The British Academy of Film and Television Arts (BAFTA) has made a shocking nomination. Speaking to The Canary, filmmaker Ken Loach called it a ‘disgrace’. And Jewish academic Justin Schlosberg stressed that, by essentially rewarding “a collapse in journalistic standards at the BBC”, BAFTA has ‘demeaned’ itself.
Referring to its highly controversial 2019 Panorama hit-job against Jeremy Corbyn’s Labour Party, the BBC proudly tweeted on 4 June:
In reality, many critics saw the Panorama episode as a ‘hatchet job‘ against Corbyn’s Labour. Of particular concern was the prior “record of public political hosility” towards Corbyn of the man behind it.
Schlosberg has been seeking “a formal legal challenge to Ofcom’s decision not to investigate complaints” about the programme. The BBC itself previously admitted receiving over 1,500 complaints about the programme in just under two weeks after it aired. And as Schlosberg highlighted:
This was the third Panorama edition since 2015 that was focused on, and wholly critical of Jeremy Corbyn’s leadership of the party. It contained gross breaches of the BBC’s legal commitment to due impartiality and due accuracy rules
Some considered the Panorama episode during the 2015 Labour leadership contest to be an “unrestrained character assassination” of Corbyn.
Loach: “This nomination disgraces BAFTA”
Speaking about the BAFTA nomination, Loach told The Canary:
This nomination disgraces BAFTA, just as the programme disgraced the BBC. The film was widely recognised as a crude polemic, without balance or objectivity, intended to undermine Jeremy Corbyn’s leadership.

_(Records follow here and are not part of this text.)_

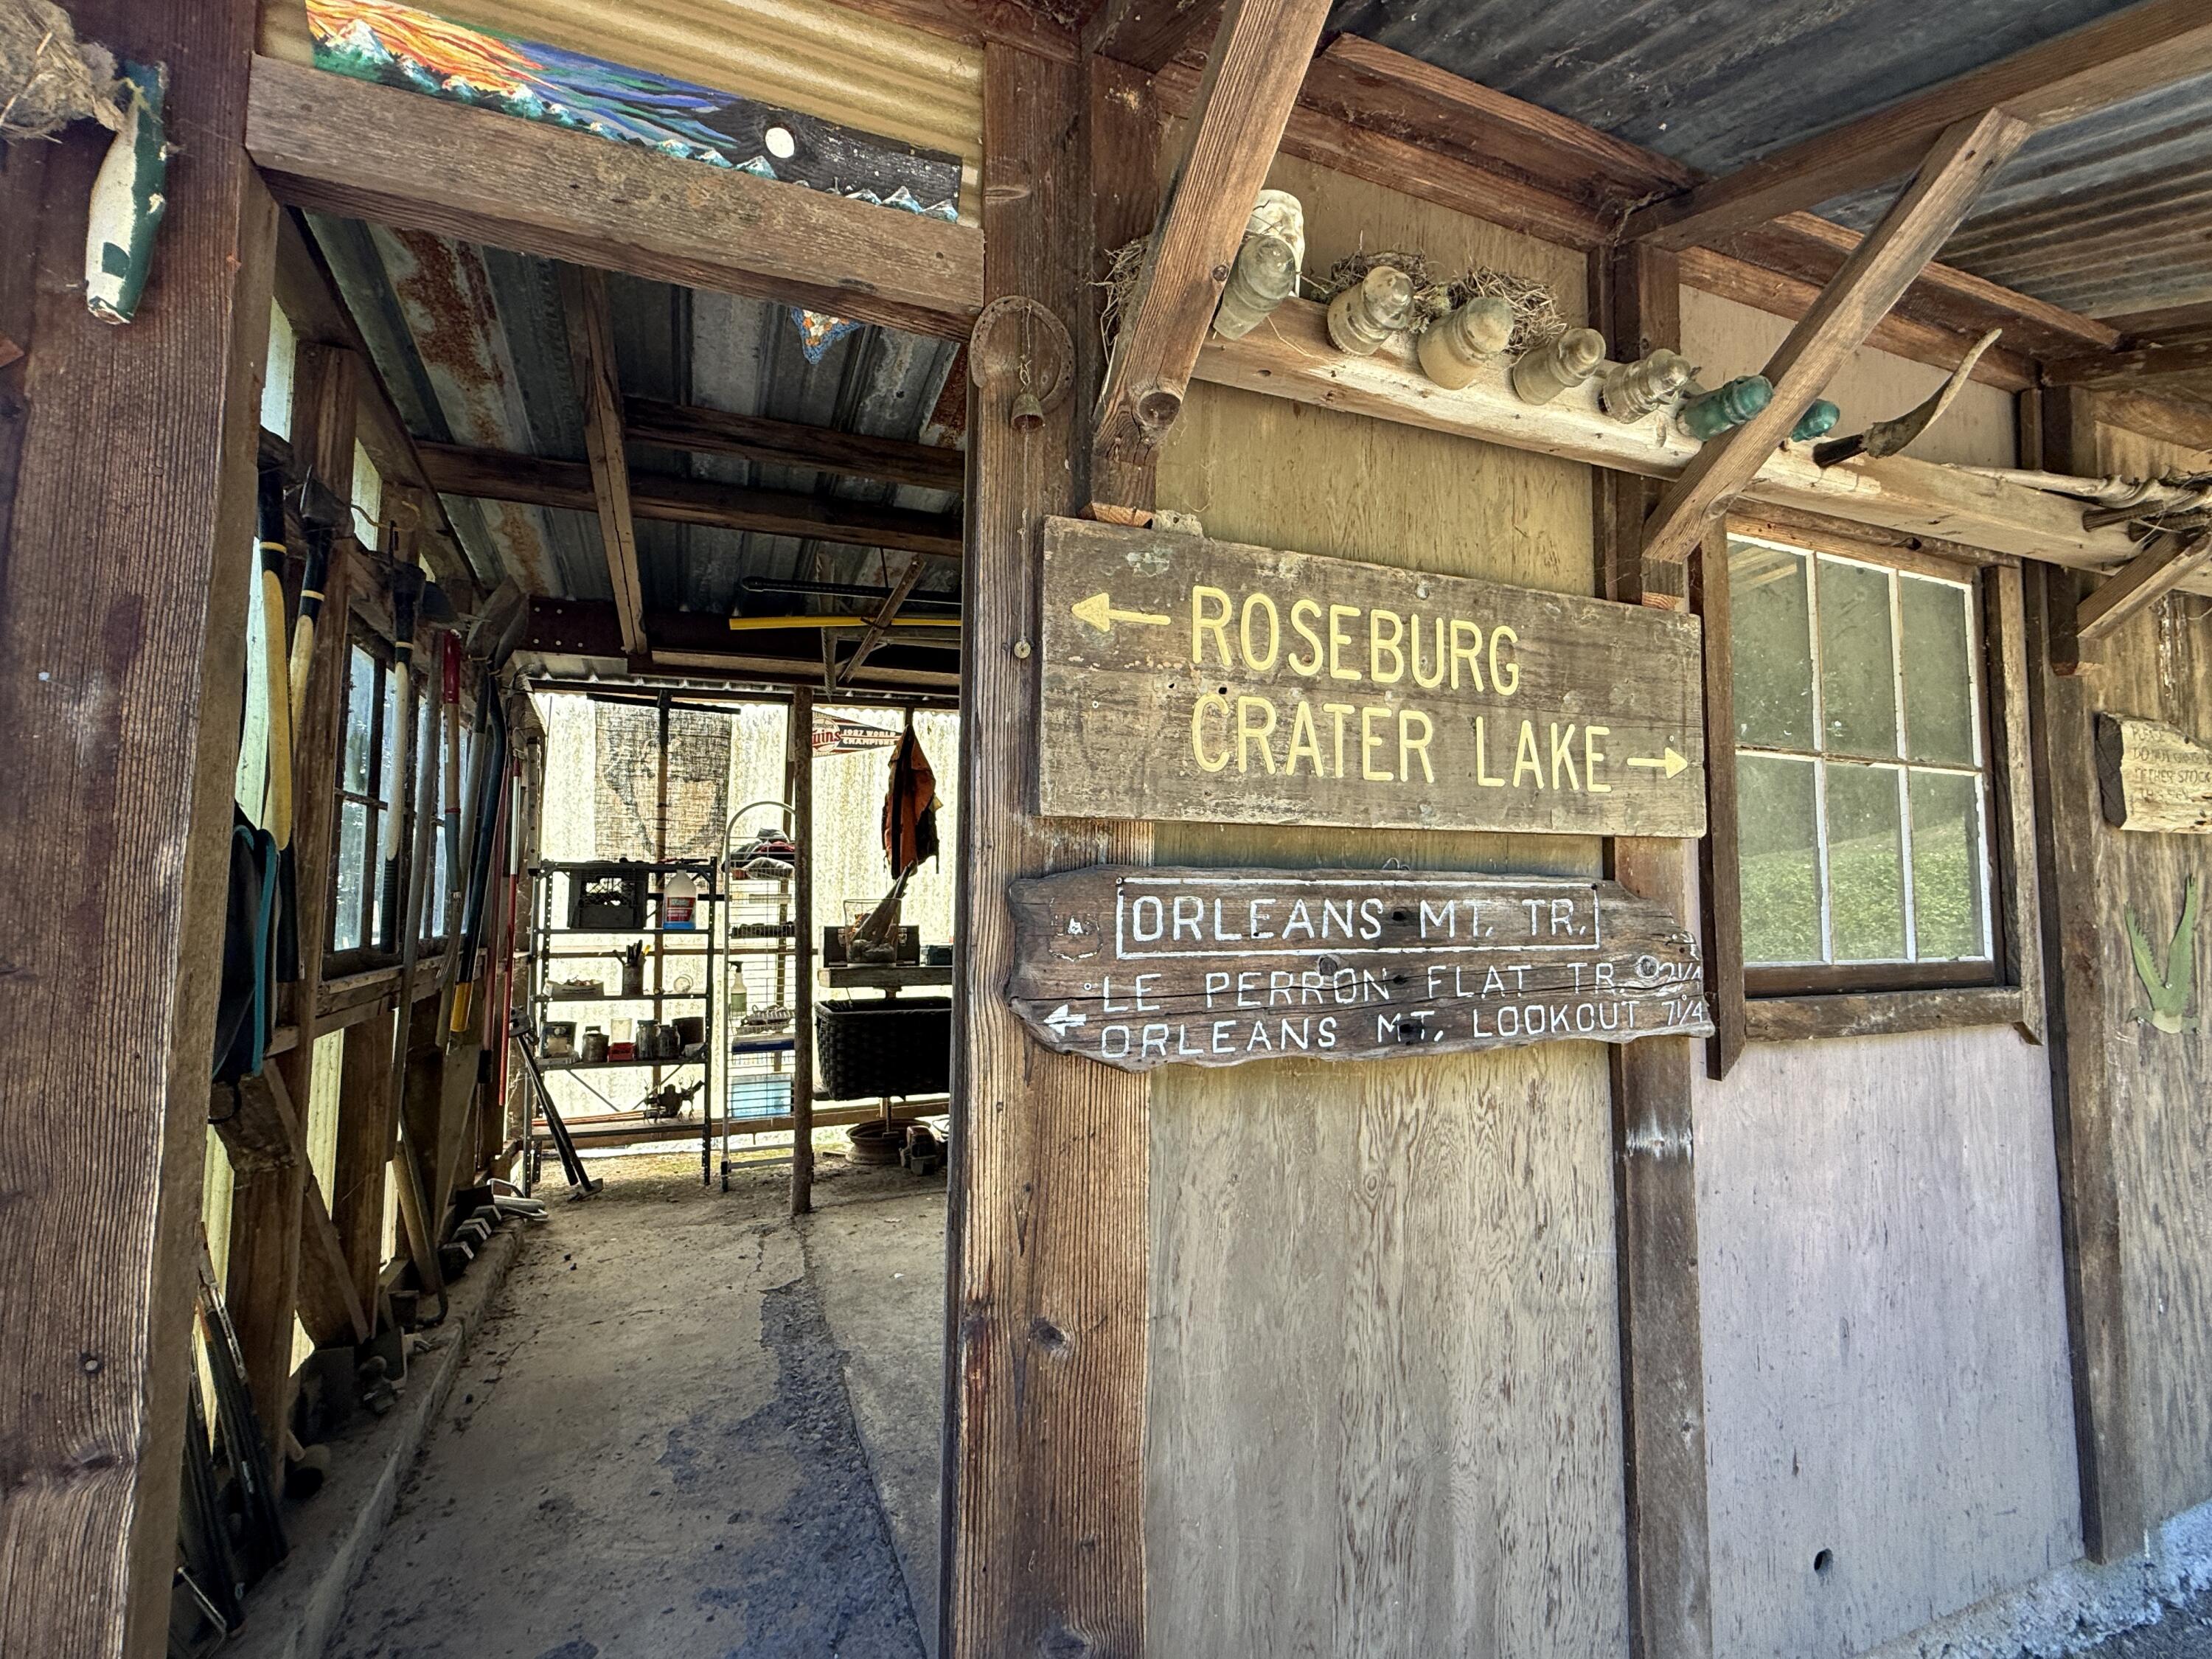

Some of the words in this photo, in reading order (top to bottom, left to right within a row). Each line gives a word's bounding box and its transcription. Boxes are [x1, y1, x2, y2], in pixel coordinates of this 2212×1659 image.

[1192, 585, 1520, 697] ROSEBURG
[1190, 694, 1435, 783] CRATER
[1475, 715, 1613, 793] LAKE
[2134, 745, 2149, 762] DO
[2177, 770, 2211, 785] STOCK
[1133, 895, 1383, 942] ORLEANS
[1102, 973, 1163, 1012] LE
[1206, 967, 1391, 1009] PERRON
[1427, 964, 1532, 1000] FLAT
[1101, 1016, 1338, 1059] ORLEANS
[1473, 1000, 1641, 1039] LOOKOUT

Damning allegations went unchallenged, political allegiances of witnesses were not revealed, and the many Jewish Labour members and academics who had opposing views were excluded.

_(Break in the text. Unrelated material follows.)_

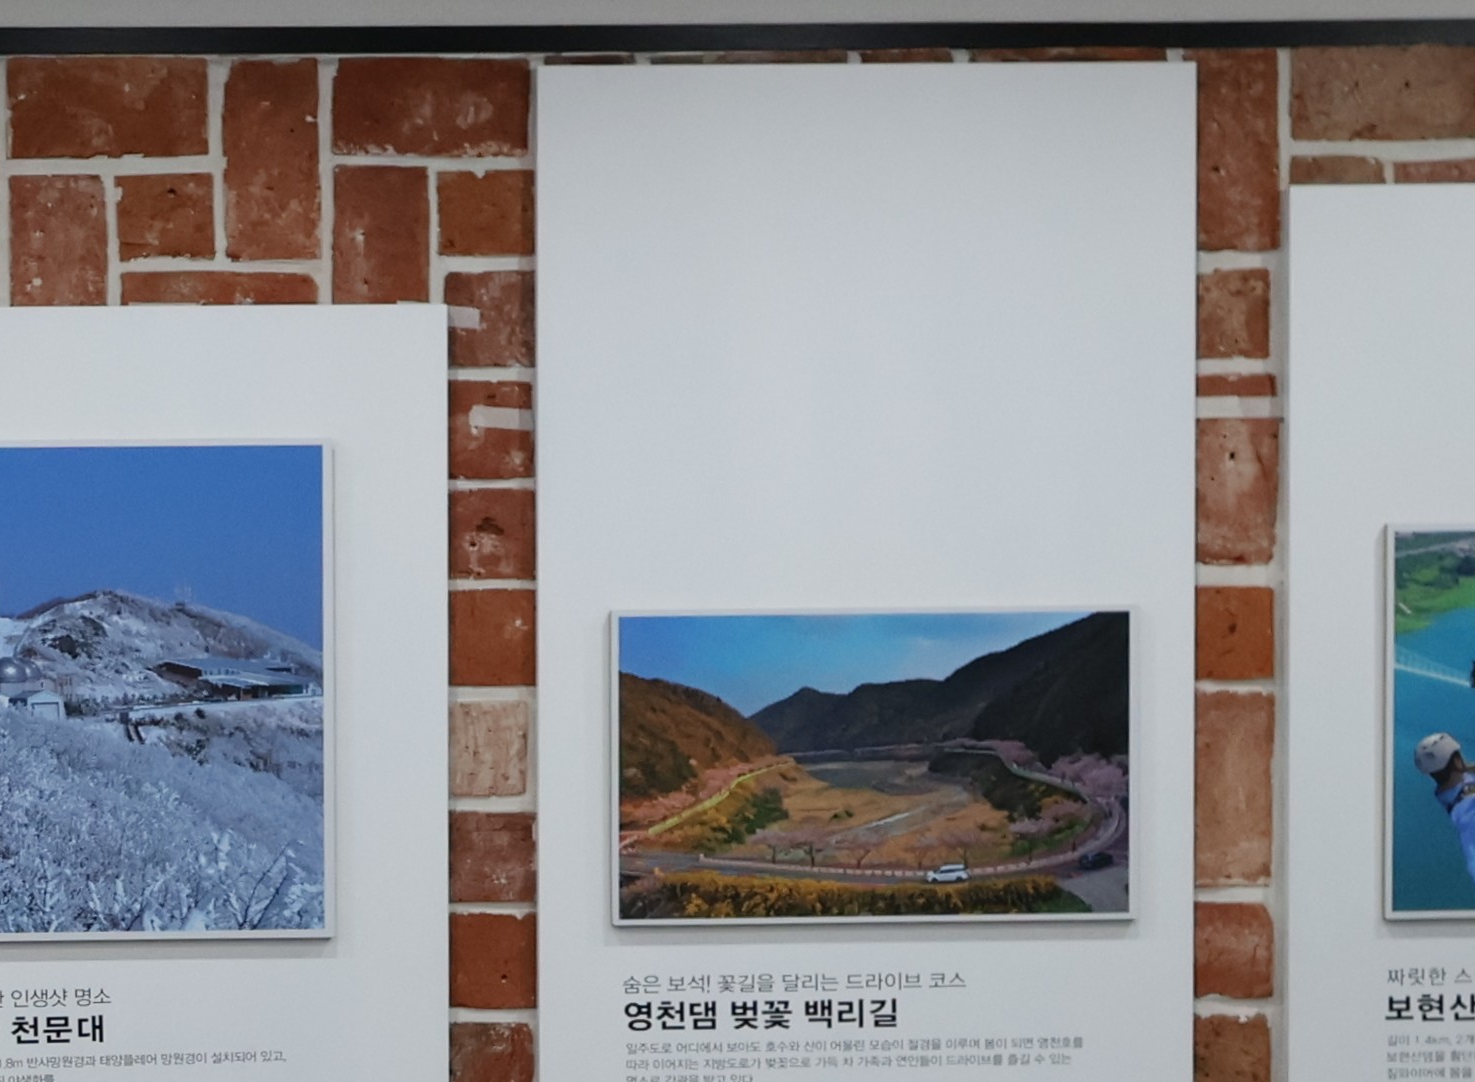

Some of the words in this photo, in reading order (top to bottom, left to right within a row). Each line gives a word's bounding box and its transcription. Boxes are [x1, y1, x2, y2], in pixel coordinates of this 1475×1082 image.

Now the leading witnesses, senior party officials, are revealed as plotting to wreck Labour’s election chances and remove Corbyn as leader. They used the language and tactics of the gutter. They were responsible for the very delays in dealing with disciplinary hearings, including cases of alleged antisemitism, for which they blamed Corbyn and his staff.
Did Panorama investigate any of this? Of course not. It didn’t fit the desired narrative.
Panorama claims to be the home of investigative journalism. The flagship of the Corporation. This programme failed on every count. BAFTA’s choice is a blatant attempt to rehabilitate a discredited piece of propaganda. It should fool no-one.
Schlosberg: “It marked nothing short of a collapse in journalistic standards at the BBC”
In a comment to The Canary, Schlosberg insisted:
This nomination is an insult to Jewish members of the Labour Party and the many Jews outside of it who simply never accepted what we now know was a manufactured myth: that Jeremy Corbyn or Jennie Formby had tried to delay, obstruct or otherwise rig antisemitism investigations in favour of those facing allegations. This was Panorama’s central thesis, in spite of reams of evidence to the contrary that was available to the programme-makers at the time.
Not only was the thesis wrong, it was an inversion of the truth. Leaked emails that surfaced prior to the programme’s airing showed repeated appeals from the leadership office to then senior party officials (and the programme’s star witnesses) urging them to expedite investigations and escalate sanctions. That Panorama got the story so badly wrong is one thing, but the refusal of both the BBC and OFCOM to give anything like proper consideration to reams of complaints beggars belief.
The programme helped to cement a dominant and demonstrably false narrative that was a major feature of the 2019 general election. It marked nothing short of a collapse in journalistic standards at the BBC and the nomination demeans the BAFTA awards.
BBC must give Labour Leaks equal air time
The Labour Leaks scandal, which Loach referred to in his comments, has also blown Panorama‘s narrative out of the water. As Schlosberg tweeted recently:
A year before the leaked Labour report, and 2 months before the BBC aired John Ware's controversial Panorama programme on the issue, leaked emails were already in the public domain showing the leadership's repeated attempts to speed up investigations and expedite sanctions…
— Justin Schlosberg (@jrschlosberg) May 21, 2020
The BBC‘s coverage of the Labour Leaks scandal, however, has been woeful. Because there’s not been a fraction of focus on it as there was on the allegations it has discredited. Barely any of the journalists on the BBC‘s own ‘BBC News Official‘ list on Twitter have tweeted about the affair.
The BBC‘s visibly indifferent approach to the Labour Leaks scandal is particularly stark when you look at what current and former employees are now up to. Because John Ware (responsible for the 2019 Panorama episode) and former BBC editor Robbie Gibb recently joined together with others to rescue a publication at the heart of anti-Corbyn propaganda efforts.
If the BBC wants to show impartiality or balance, it must put a similar Panorama episode out on the Labour Leaks scandal. But given its clearly apparent pride in its 2019 hit job, and the fact that its new director general is a former Tory candidate, we shouldn’t hold our breath.